Dataset —
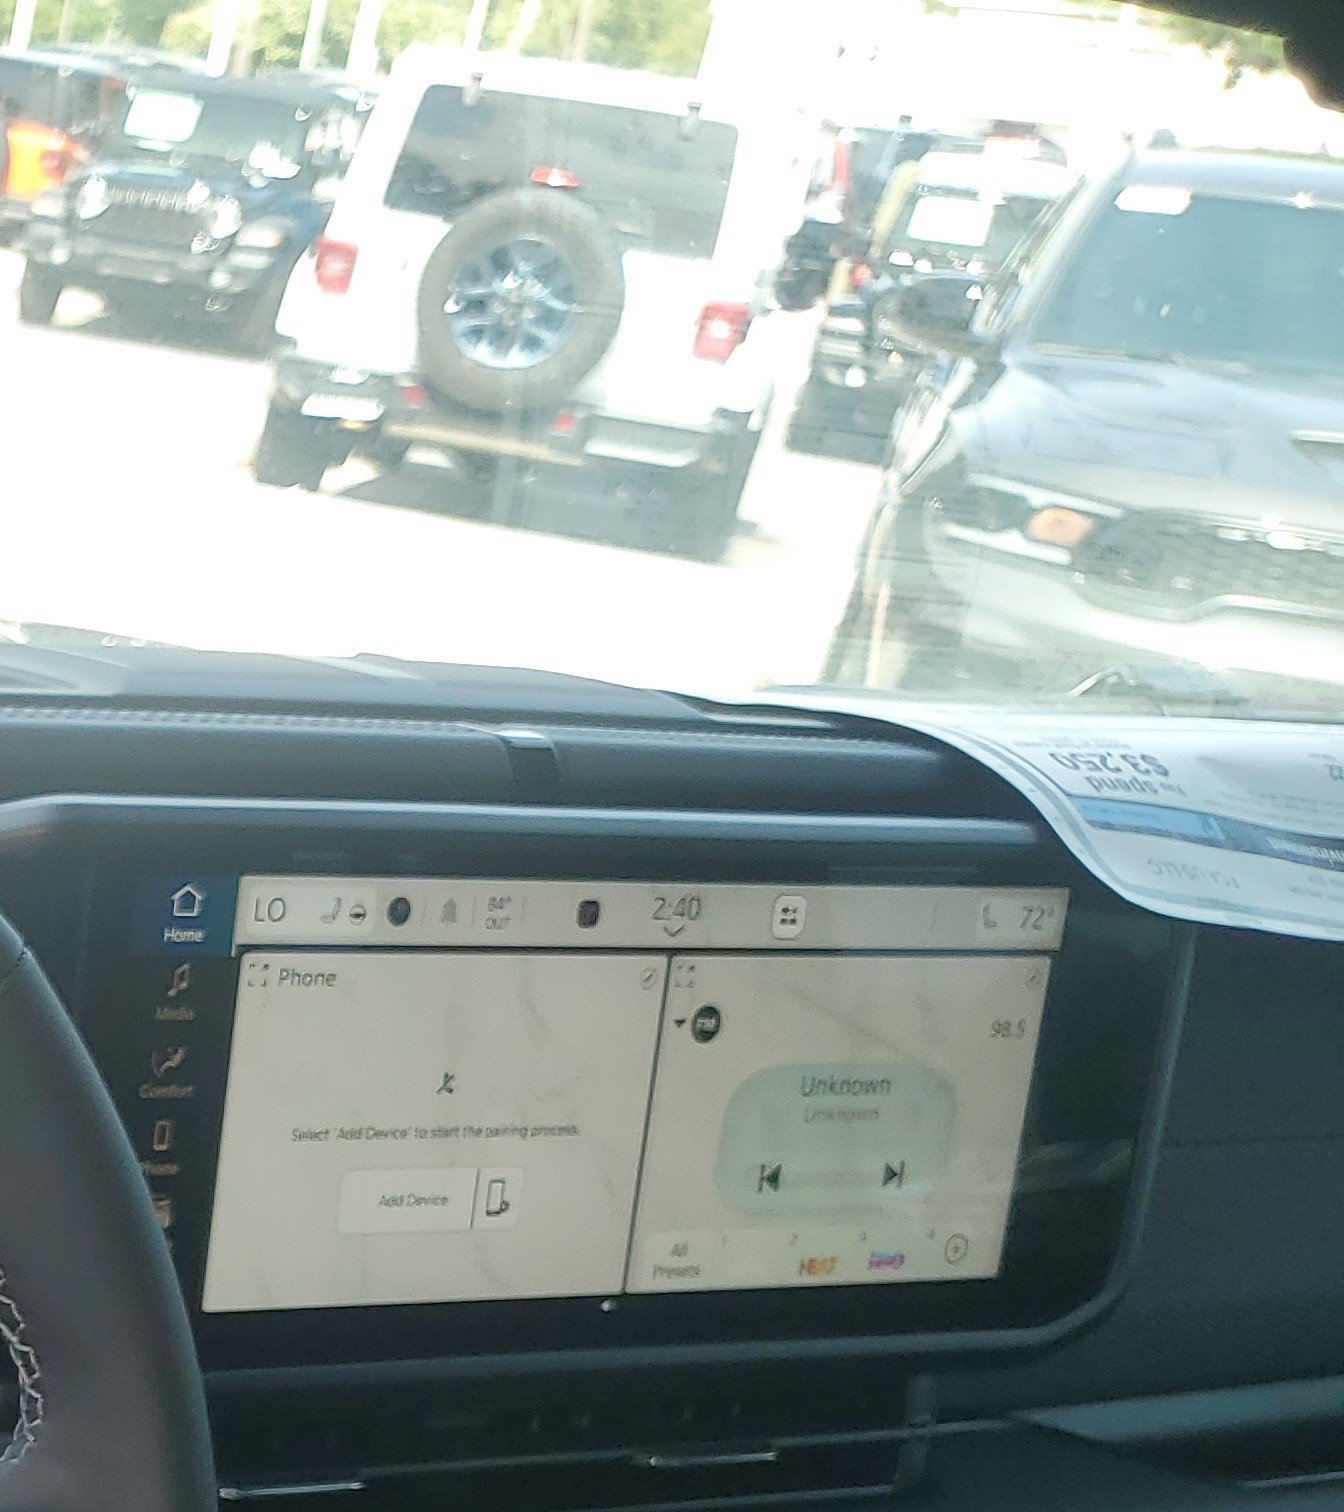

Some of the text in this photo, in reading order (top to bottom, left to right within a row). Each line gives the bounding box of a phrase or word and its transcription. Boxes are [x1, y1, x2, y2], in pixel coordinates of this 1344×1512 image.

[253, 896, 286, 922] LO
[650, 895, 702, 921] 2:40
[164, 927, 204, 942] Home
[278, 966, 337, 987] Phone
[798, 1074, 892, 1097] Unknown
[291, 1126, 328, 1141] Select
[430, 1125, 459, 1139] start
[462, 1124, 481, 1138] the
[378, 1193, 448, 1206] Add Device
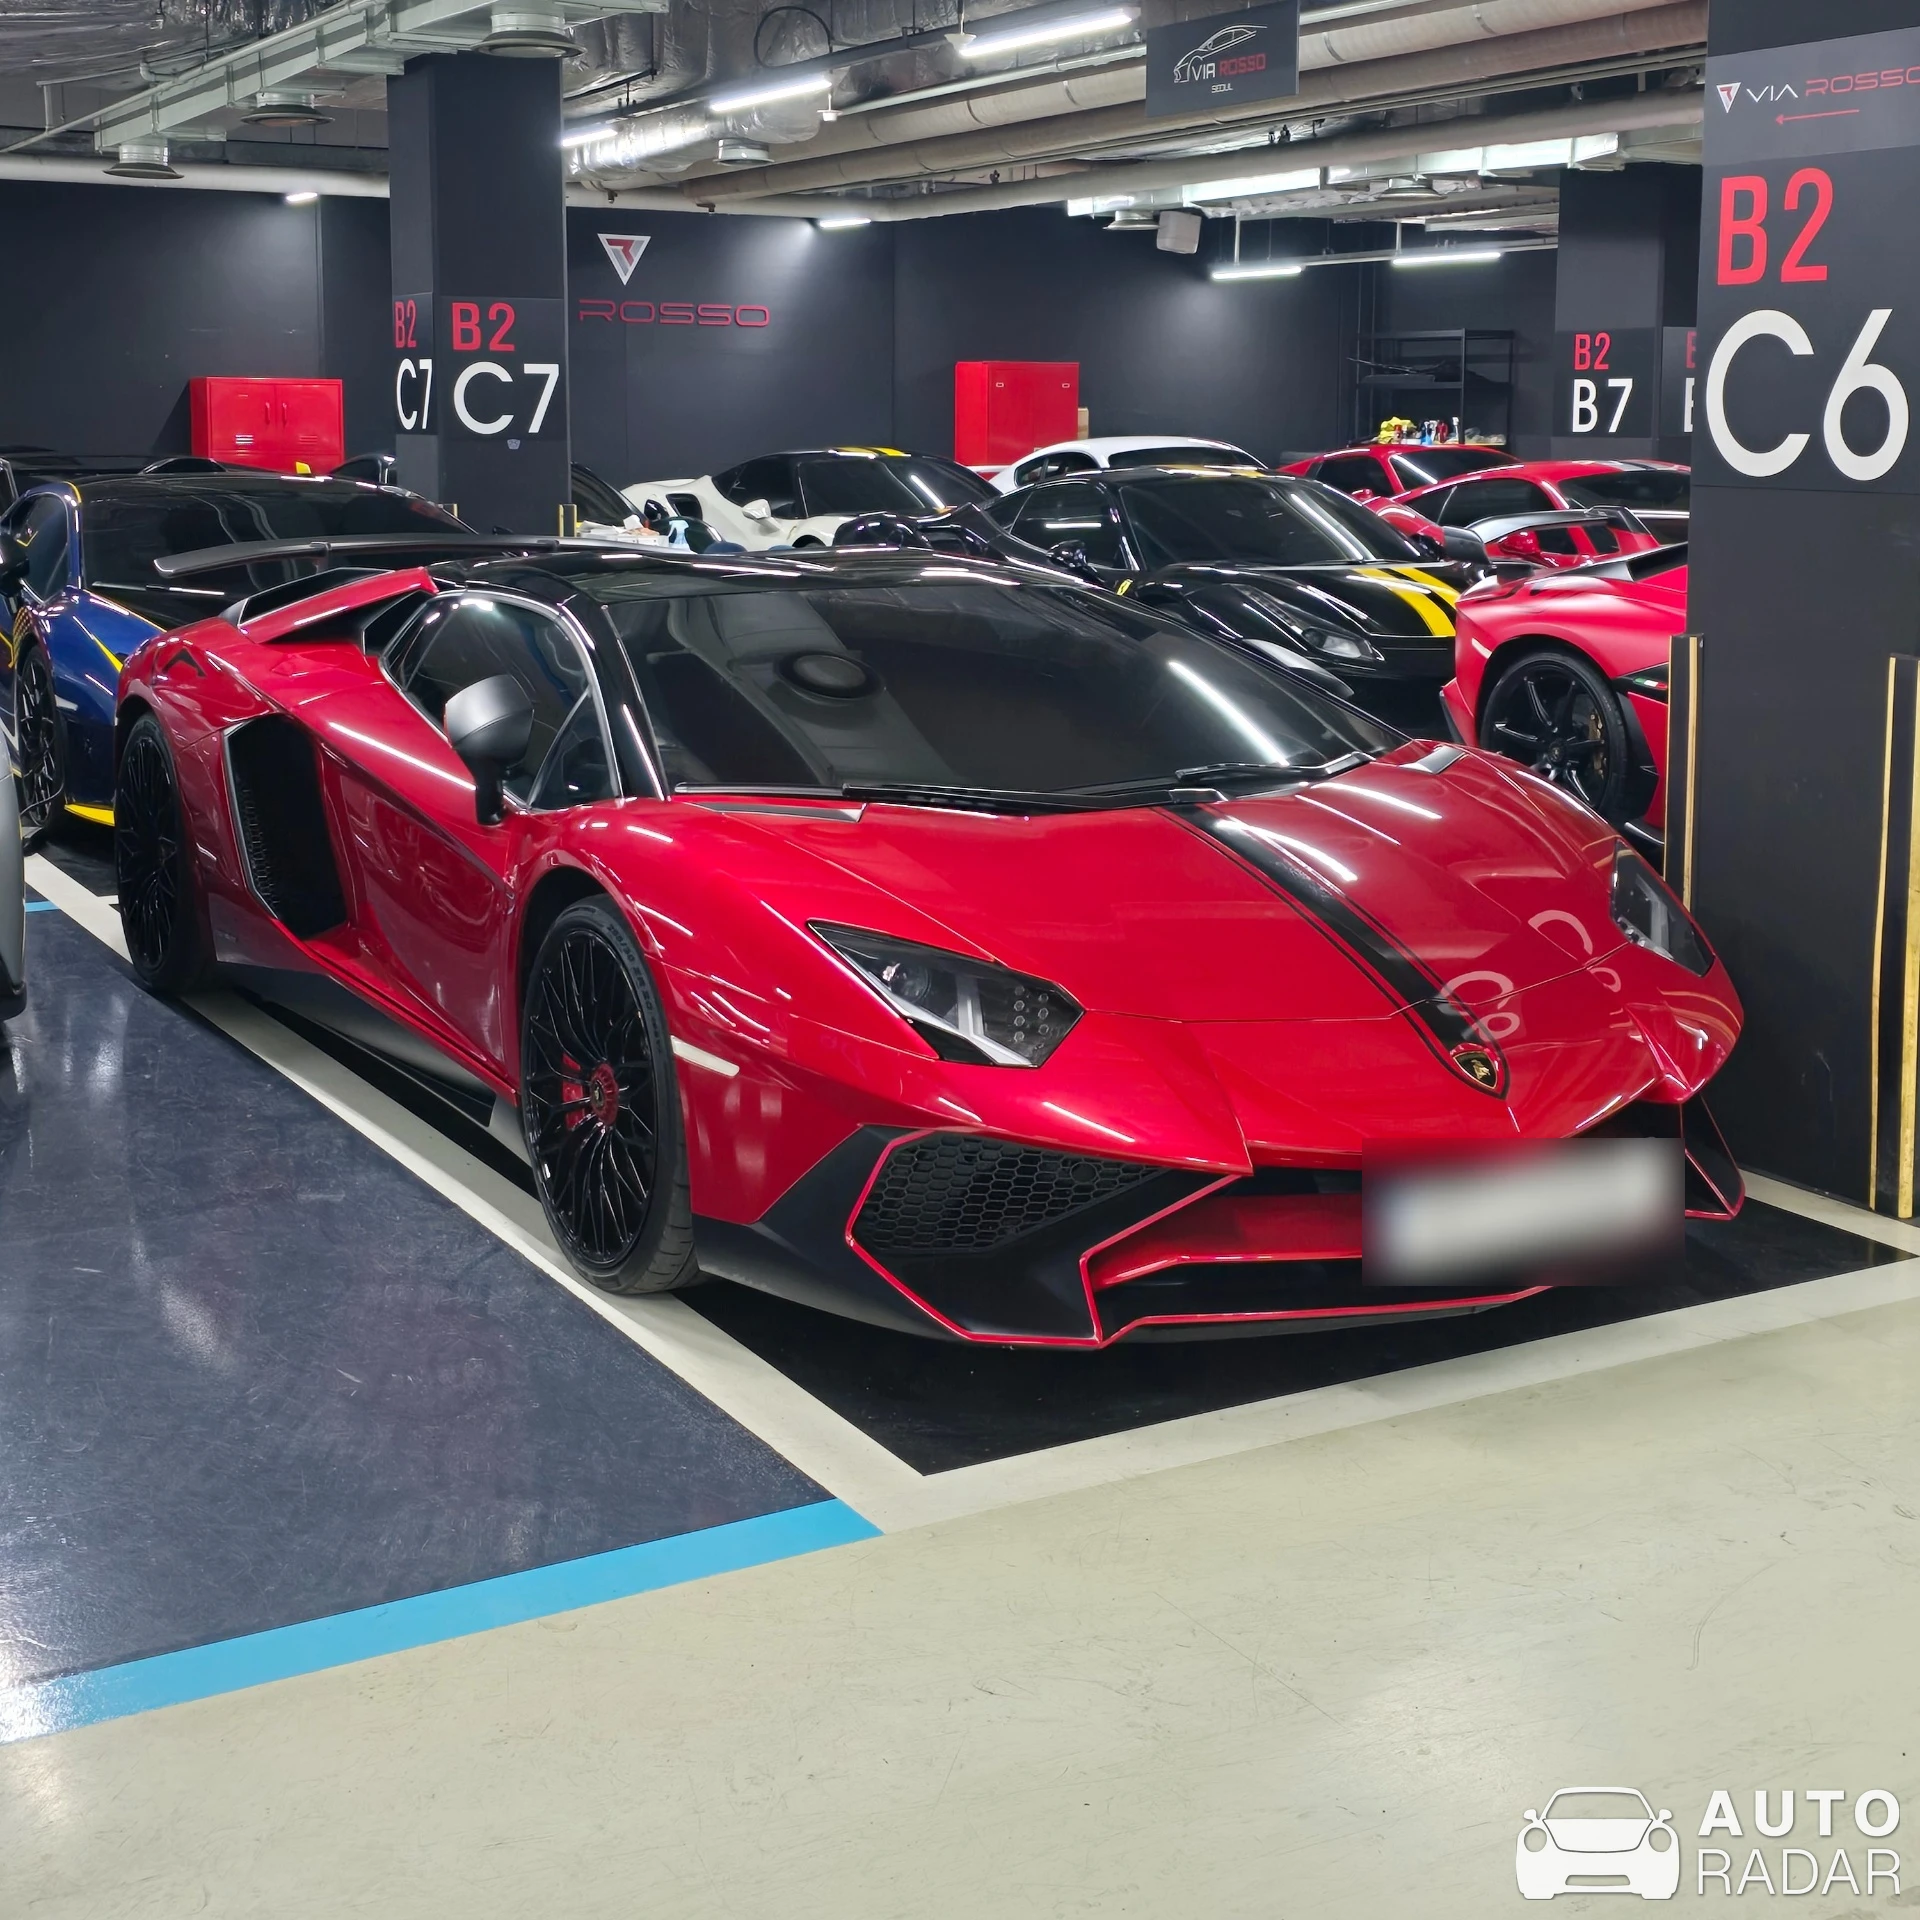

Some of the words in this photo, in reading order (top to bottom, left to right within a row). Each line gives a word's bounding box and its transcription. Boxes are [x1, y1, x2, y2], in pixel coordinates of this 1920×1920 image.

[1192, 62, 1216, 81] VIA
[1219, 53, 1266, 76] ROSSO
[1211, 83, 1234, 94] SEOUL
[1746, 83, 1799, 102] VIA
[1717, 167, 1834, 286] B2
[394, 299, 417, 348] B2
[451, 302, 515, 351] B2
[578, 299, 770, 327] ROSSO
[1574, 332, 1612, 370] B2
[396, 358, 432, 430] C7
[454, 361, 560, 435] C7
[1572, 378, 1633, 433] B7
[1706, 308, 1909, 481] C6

Task item — Retype the data above exactly; pictures are not part of the copy.

Output —
Some of the text in this photo, in reading order (top to bottom, left to right within a row). Each line gives the bounding box of a phrase or word and its transcription. Boxes are [x1, y1, x2, y2], in pixel coordinates of this 1344×1512 image.

[253, 896, 286, 922] LO
[650, 895, 702, 921] 2:40
[164, 927, 204, 942] Home
[278, 966, 337, 987] Phone
[798, 1074, 892, 1097] Unknown
[291, 1126, 328, 1141] Select
[430, 1125, 459, 1139] start
[462, 1124, 481, 1138] the
[378, 1193, 448, 1206] Add Device

Some of the words in this photo, in reading order (top to bottom, left to right within a row). Each line gives a word's bounding box and its transcription. Boxes are [x1, y1, x2, y2], in pixel coordinates of this 1920×1920 image.

[1192, 62, 1216, 81] VIA
[1219, 53, 1266, 76] ROSSO
[1211, 83, 1234, 94] SEOUL
[1746, 83, 1799, 102] VIA
[1717, 167, 1834, 286] B2
[394, 299, 417, 348] B2
[451, 302, 515, 351] B2
[578, 299, 770, 327] ROSSO
[1574, 332, 1612, 370] B2
[396, 358, 432, 430] C7
[454, 361, 560, 435] C7
[1572, 378, 1633, 433] B7
[1706, 308, 1909, 481] C6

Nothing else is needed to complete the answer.